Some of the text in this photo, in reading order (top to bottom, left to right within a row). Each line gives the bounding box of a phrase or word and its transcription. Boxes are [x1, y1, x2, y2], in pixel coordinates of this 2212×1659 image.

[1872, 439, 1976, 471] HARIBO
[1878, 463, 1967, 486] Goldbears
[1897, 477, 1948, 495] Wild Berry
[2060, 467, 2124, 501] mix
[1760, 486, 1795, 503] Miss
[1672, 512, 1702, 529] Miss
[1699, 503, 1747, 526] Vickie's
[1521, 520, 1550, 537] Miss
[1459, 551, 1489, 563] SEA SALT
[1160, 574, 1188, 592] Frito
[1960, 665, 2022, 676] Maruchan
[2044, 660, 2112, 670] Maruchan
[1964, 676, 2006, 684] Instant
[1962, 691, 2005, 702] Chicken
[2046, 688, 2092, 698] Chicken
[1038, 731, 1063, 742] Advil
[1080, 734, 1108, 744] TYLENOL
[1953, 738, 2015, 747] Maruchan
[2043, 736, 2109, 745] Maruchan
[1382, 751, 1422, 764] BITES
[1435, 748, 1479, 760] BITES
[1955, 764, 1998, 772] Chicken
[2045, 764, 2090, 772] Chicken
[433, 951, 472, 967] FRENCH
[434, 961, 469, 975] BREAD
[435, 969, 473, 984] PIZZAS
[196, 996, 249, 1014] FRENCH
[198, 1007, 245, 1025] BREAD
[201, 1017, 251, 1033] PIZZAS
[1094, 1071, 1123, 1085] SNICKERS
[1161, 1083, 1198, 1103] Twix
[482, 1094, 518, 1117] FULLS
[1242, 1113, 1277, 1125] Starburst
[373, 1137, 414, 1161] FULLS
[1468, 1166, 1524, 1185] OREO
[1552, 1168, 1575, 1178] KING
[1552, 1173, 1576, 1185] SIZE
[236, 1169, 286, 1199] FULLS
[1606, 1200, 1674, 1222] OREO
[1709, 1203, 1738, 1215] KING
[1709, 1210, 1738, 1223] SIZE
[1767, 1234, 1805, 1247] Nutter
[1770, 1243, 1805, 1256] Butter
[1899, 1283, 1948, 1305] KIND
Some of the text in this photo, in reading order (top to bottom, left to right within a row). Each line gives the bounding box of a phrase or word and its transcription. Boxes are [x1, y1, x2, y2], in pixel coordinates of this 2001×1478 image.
====================
Your task => Line by line, reproduce the data above exactly.

Answer to this problem =>
Some of the text in this photo, in reading order (top to bottom, left to right within a row). Each line gives the bounding box of a phrase or word and its transcription. Boxes are [x1, y1, x2, y2], in pixel coordinates of this 2212×1659 image.

[1872, 439, 1976, 471] HARIBO
[1878, 463, 1967, 486] Goldbears
[1897, 477, 1948, 495] Wild Berry
[2060, 467, 2124, 501] mix
[1760, 486, 1795, 503] Miss
[1672, 512, 1702, 529] Miss
[1699, 503, 1747, 526] Vickie's
[1521, 520, 1550, 537] Miss
[1459, 551, 1489, 563] SEA SALT
[1160, 574, 1188, 592] Frito
[1960, 665, 2022, 676] Maruchan
[2044, 660, 2112, 670] Maruchan
[1964, 676, 2006, 684] Instant
[1962, 691, 2005, 702] Chicken
[2046, 688, 2092, 698] Chicken
[1038, 731, 1063, 742] Advil
[1080, 734, 1108, 744] TYLENOL
[1953, 738, 2015, 747] Maruchan
[2043, 736, 2109, 745] Maruchan
[1382, 751, 1422, 764] BITES
[1435, 748, 1479, 760] BITES
[1955, 764, 1998, 772] Chicken
[2045, 764, 2090, 772] Chicken
[433, 951, 472, 967] FRENCH
[434, 961, 469, 975] BREAD
[435, 969, 473, 984] PIZZAS
[196, 996, 249, 1014] FRENCH
[198, 1007, 245, 1025] BREAD
[201, 1017, 251, 1033] PIZZAS
[1094, 1071, 1123, 1085] SNICKERS
[1161, 1083, 1198, 1103] Twix
[482, 1094, 518, 1117] FULLS
[1242, 1113, 1277, 1125] Starburst
[373, 1137, 414, 1161] FULLS
[1468, 1166, 1524, 1185] OREO
[1552, 1168, 1575, 1178] KING
[1552, 1173, 1576, 1185] SIZE
[236, 1169, 286, 1199] FULLS
[1606, 1200, 1674, 1222] OREO
[1709, 1203, 1738, 1215] KING
[1709, 1210, 1738, 1223] SIZE
[1767, 1234, 1805, 1247] Nutter
[1770, 1243, 1805, 1256] Butter
[1899, 1283, 1948, 1305] KIND
Some of the text in this photo, in reading order (top to bottom, left to right within a row). Each line gives the bounding box of a phrase or word and its transcription. Boxes are [x1, y1, x2, y2], in pixel coordinates of this 2001×1478 image.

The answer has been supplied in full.